My Poetry Corner July 2025 features the poem “Inheritance” from the debut poetry collection Yaguareté White (USA, 2024) by Paraguayan American poet Diego Báez. The collection was the finalist for The Georgia Poetry Prize and a semi-finalist for the Berkshire Prize for Poetry.

Son of a Paraguayan father and a white, Pennsylvanian mother, Báez grew up in Central Illinois in a community devoid of families that resembled his own. His brown skin betrayed his otherness to his classmates. On family visits to Paraguay, his broken Spanish marked him as a gringo. This reminder that he wasn’t quite Paraguayan or American infuses his poetry.

Báez lives in Chicago with his wife and daughter. He teaches poetry, English composition, and first-year seminars at the City Colleges, where he is an Assistant Professor of Multidisciplinary Studies.

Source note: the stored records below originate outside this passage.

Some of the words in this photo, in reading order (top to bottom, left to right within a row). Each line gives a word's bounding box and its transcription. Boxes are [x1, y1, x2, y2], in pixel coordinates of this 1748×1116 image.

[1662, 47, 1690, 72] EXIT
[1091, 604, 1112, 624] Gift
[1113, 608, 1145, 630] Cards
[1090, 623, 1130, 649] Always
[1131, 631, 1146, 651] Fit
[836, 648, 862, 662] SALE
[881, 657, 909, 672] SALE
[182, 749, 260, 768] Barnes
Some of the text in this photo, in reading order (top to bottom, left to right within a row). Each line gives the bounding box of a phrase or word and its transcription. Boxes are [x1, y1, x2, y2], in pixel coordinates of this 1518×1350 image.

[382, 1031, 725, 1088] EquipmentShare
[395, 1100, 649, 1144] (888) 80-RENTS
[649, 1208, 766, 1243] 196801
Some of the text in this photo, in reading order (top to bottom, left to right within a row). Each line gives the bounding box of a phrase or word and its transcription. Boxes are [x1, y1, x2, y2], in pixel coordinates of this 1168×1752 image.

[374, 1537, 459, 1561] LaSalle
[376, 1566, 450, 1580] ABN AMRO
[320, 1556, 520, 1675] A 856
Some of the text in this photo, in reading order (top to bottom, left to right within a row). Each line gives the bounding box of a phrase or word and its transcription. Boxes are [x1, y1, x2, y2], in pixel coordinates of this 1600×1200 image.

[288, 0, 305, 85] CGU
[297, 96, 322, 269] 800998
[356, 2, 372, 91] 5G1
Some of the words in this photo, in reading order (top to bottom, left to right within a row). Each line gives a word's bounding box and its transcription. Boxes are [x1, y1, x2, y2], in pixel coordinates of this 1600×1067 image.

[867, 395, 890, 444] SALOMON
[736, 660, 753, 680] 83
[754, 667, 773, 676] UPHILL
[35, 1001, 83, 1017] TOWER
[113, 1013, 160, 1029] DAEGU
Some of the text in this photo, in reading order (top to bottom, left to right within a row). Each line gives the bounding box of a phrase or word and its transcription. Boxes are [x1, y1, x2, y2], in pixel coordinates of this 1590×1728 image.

Rigoberto González, an American poet, writer, and book critic, notes in his Foreword to Yaguareté White: “Diego Báez [is] the first Paraguayan American poet to publish a book originally in English in the United States.” He adds that Báez is transparent in his debut poetry collection about his struggles understanding his own dual identity. “[H]e didn’t grow up speaking Spanish; and the lack of connection to a Paraguayan community in the United States excludes him from the social and cultural foundations that other South American diasporas provide for their respective immigrant populations and subsequent generations.” His memories of his Paraguayan origin arise from visits to his abuelo’s farm outside the village of Villarrica.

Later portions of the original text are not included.